= Beginning of Section =

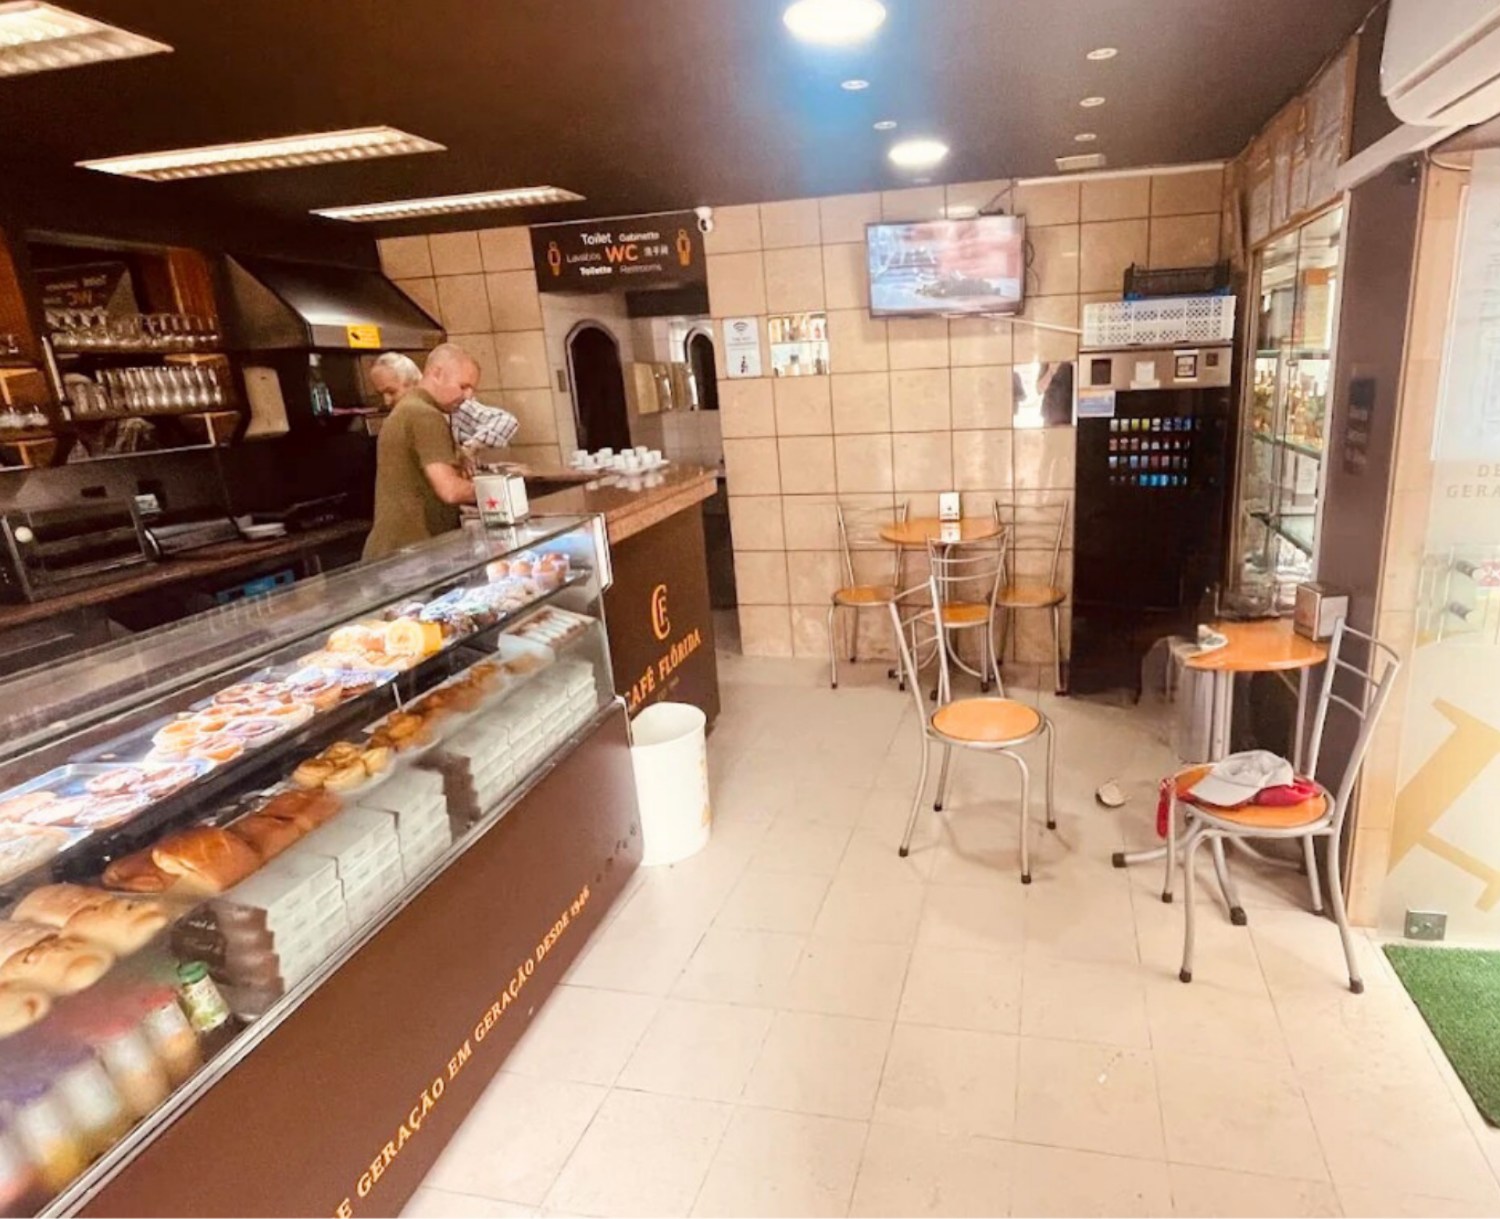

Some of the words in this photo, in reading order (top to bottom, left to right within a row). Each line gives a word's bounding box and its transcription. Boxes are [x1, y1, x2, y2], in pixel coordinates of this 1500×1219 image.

[580, 233, 612, 245] Toilet
[605, 244, 638, 263] WC
[658, 628, 701, 681] FLÓRIDA
[356, 1078, 446, 1199] GERAÇÃO
[447, 1040, 473, 1079] EM
[474, 959, 535, 1043] GERAÇÃO
[535, 913, 570, 962] DESDE
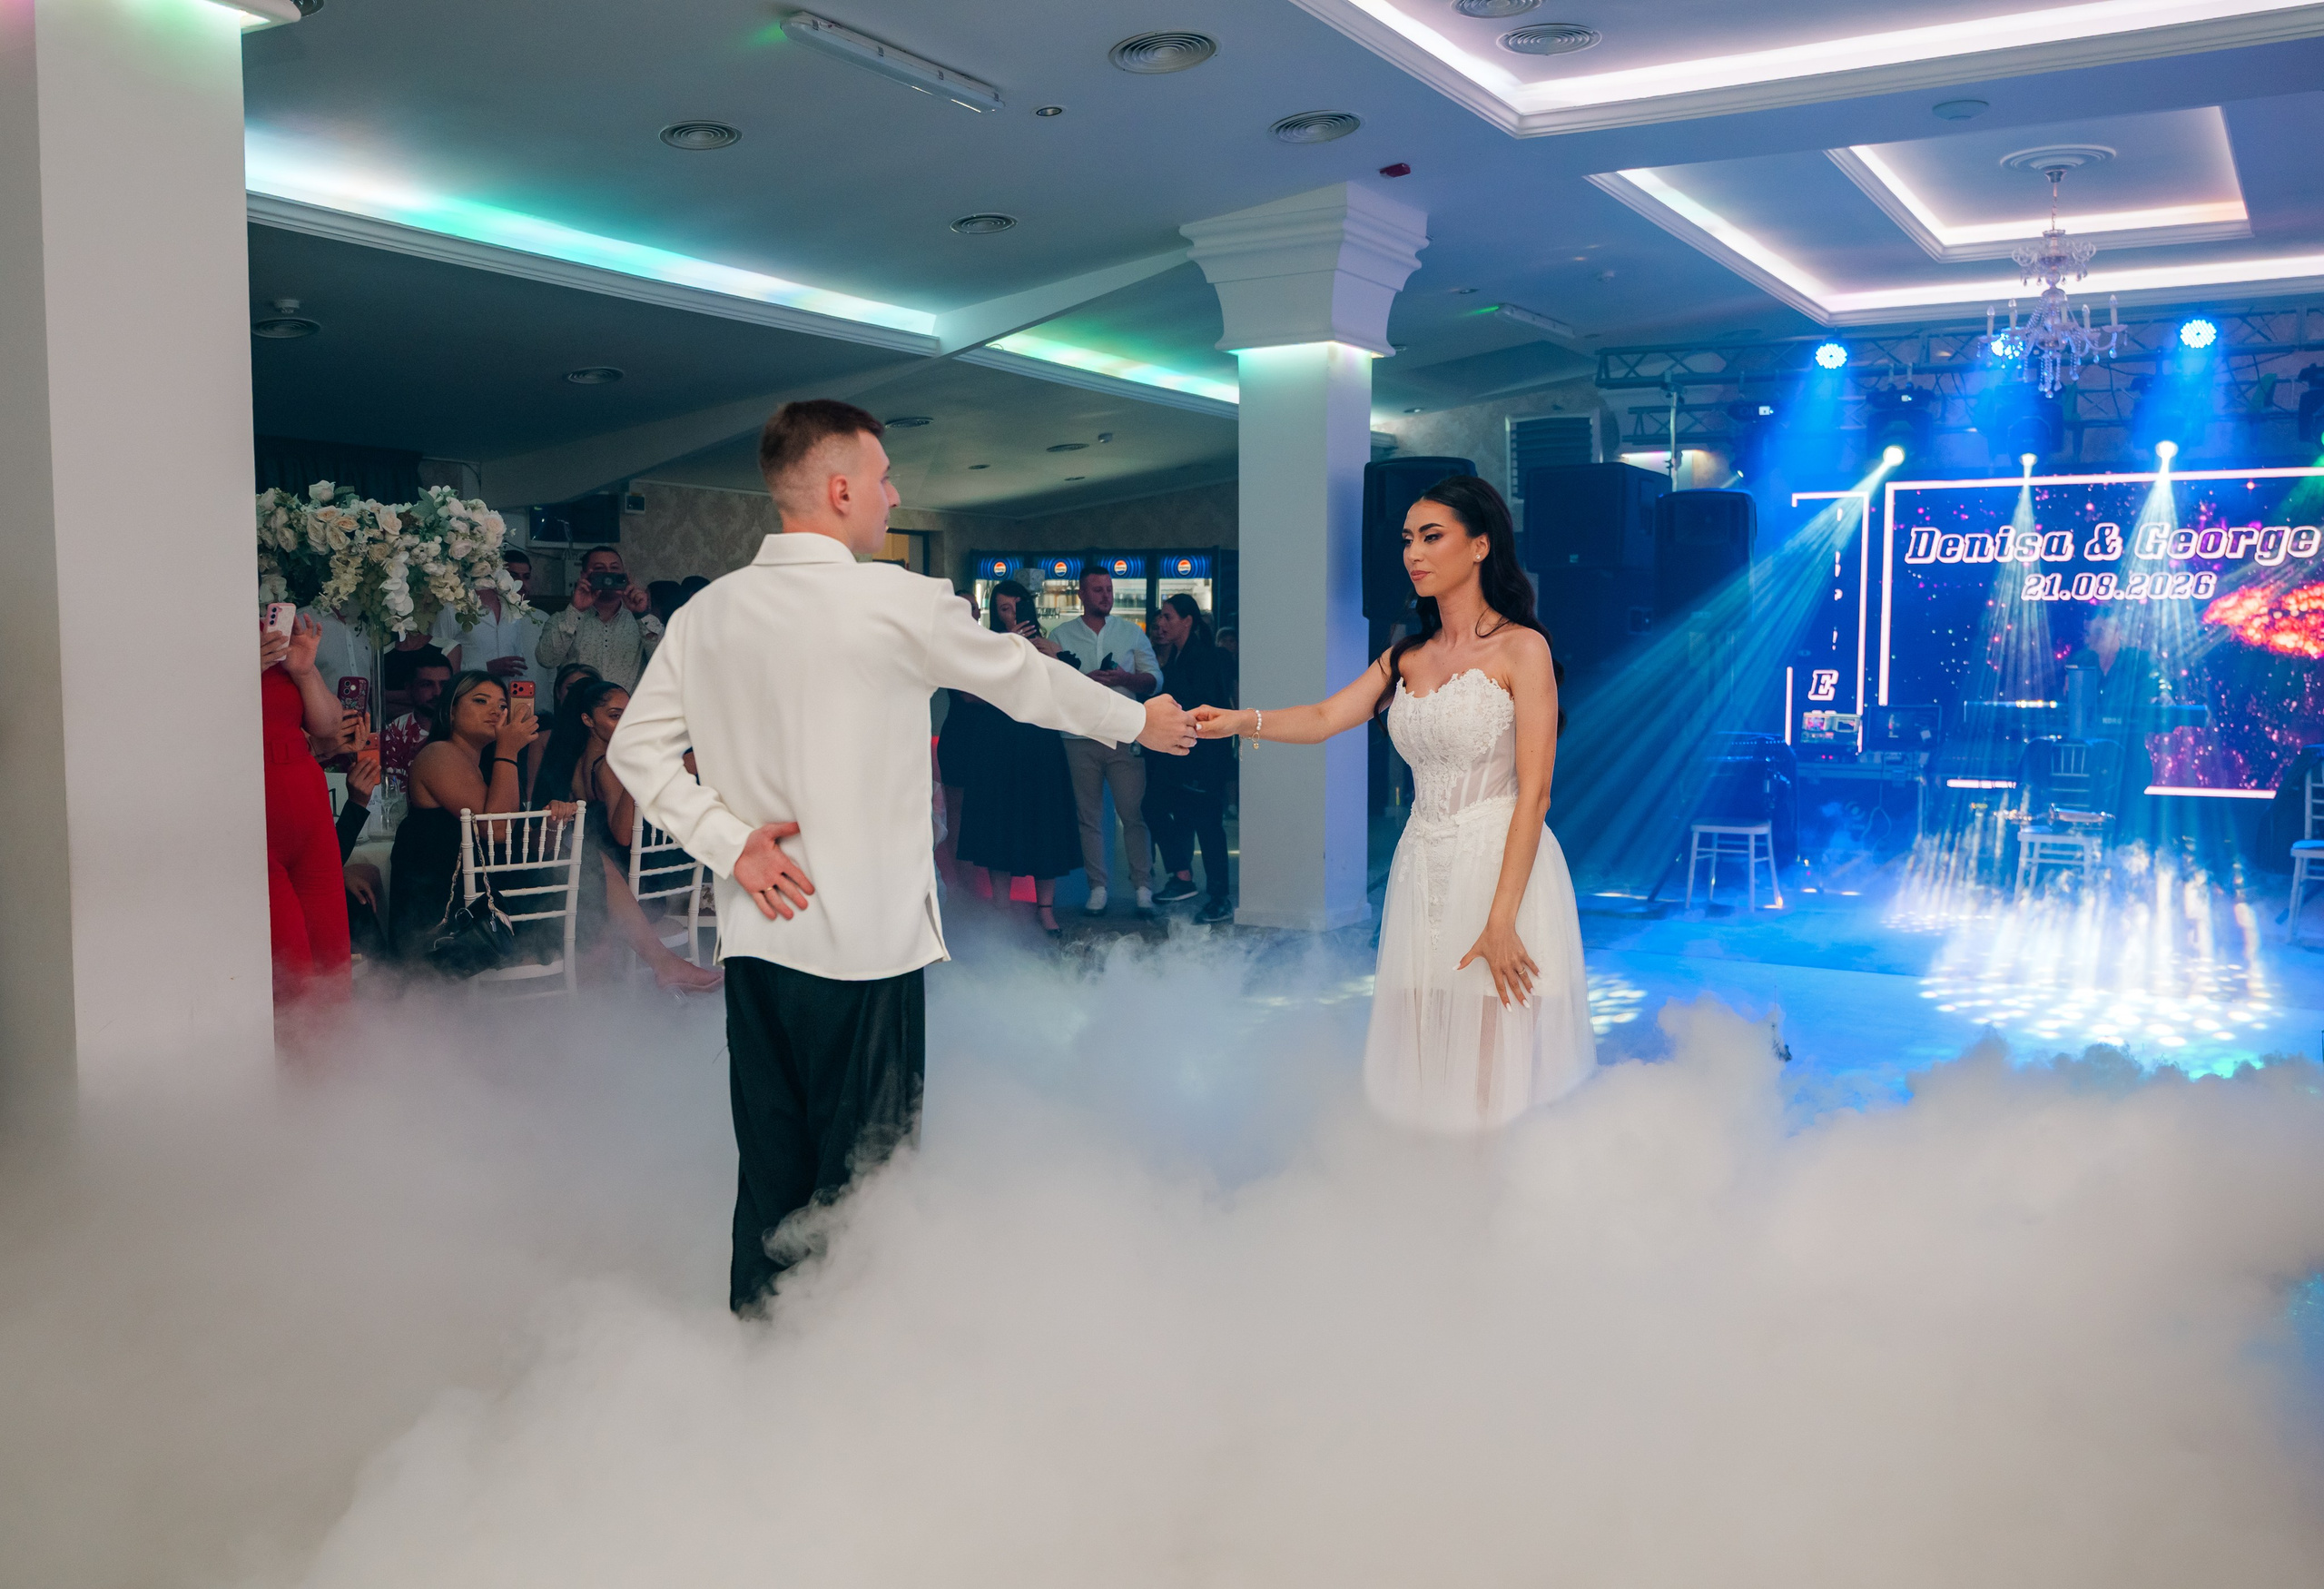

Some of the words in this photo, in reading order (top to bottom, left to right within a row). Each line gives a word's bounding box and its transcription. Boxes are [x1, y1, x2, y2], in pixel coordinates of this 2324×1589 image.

[1905, 525, 2074, 564] Denisa
[2083, 522, 2123, 561] &
[2134, 521, 2322, 567] George
[2021, 570, 2218, 601] 21.08.2026
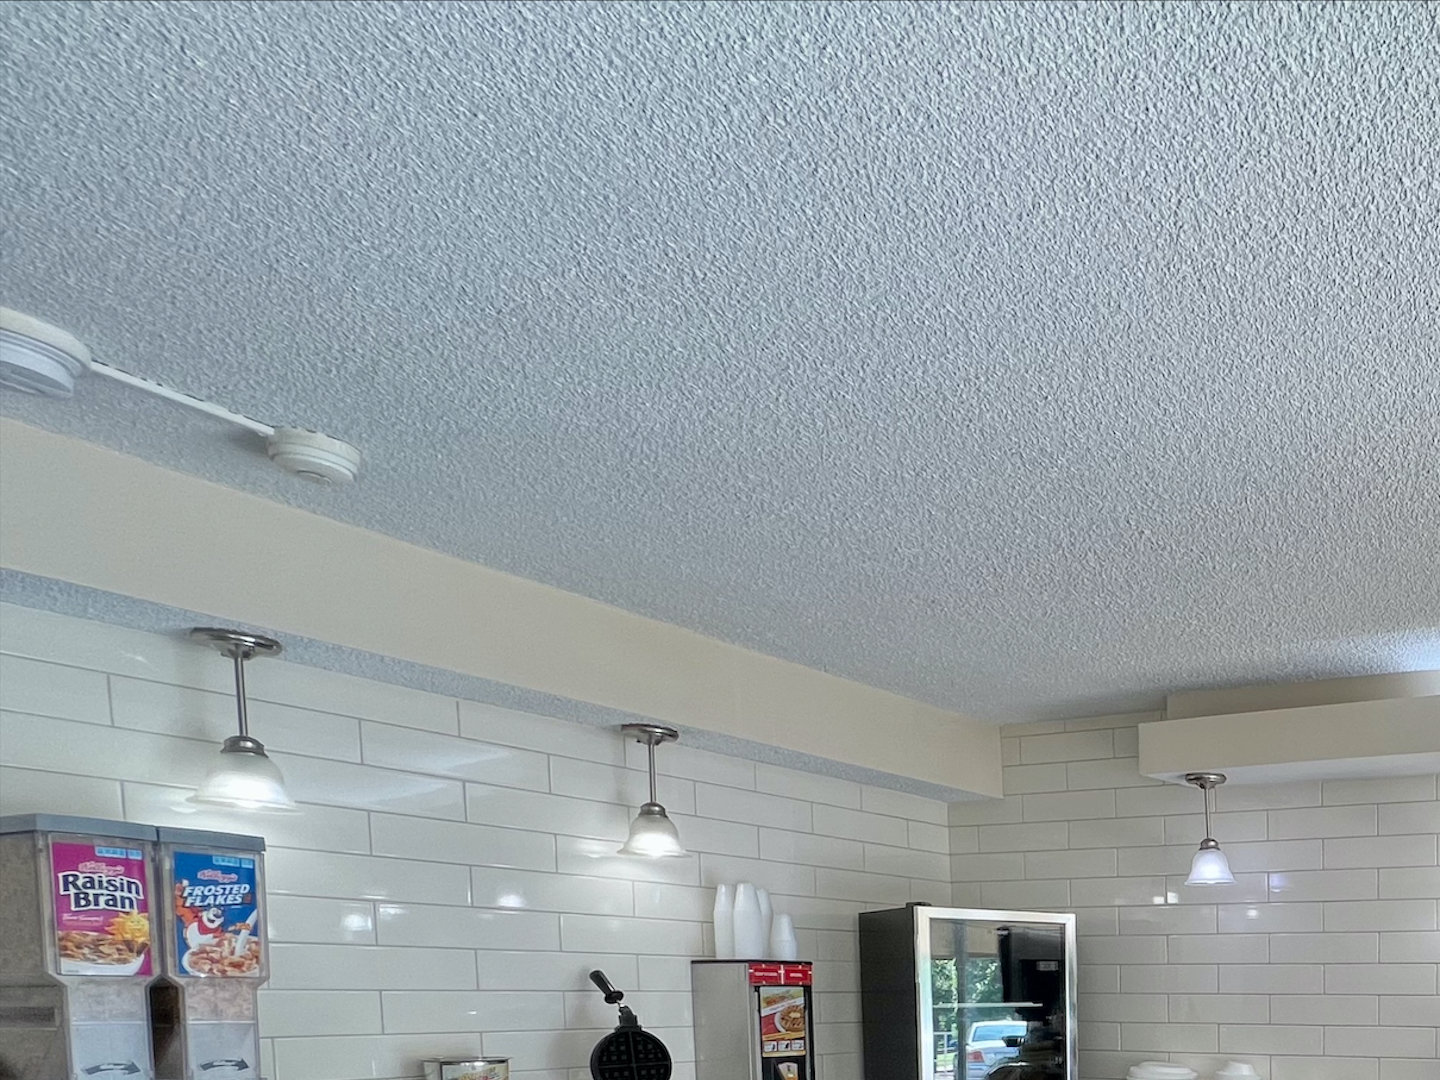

= End of Section =

--- Your assignment ---
Your copy should hold every entry exactly as written, but none of the pictures.

--- Result of this exercise ---
Some of the words in this photo, in reading order (top to bottom, left to right within a row). Each line gives a word's bounding box and its transcription. Boxes are [x1, y1, x2, y2], in pixel coordinates of this 1500×1219 image.

[580, 233, 612, 245] Toilet
[605, 244, 638, 263] WC
[658, 628, 701, 681] FLÓRIDA
[356, 1078, 446, 1199] GERAÇÃO
[447, 1040, 473, 1079] EM
[474, 959, 535, 1043] GERAÇÃO
[535, 913, 570, 962] DESDE

Some of the words in this photo, in reading order (top to bottom, left to right within a row). Each line gives a word's bounding box and its transcription. Boxes are [x1, y1, x2, y2], in pixel coordinates of this 2324×1589 image.

[1905, 525, 2074, 564] Denisa
[2083, 522, 2123, 561] &
[2134, 521, 2322, 567] George
[2021, 570, 2218, 601] 21.08.2026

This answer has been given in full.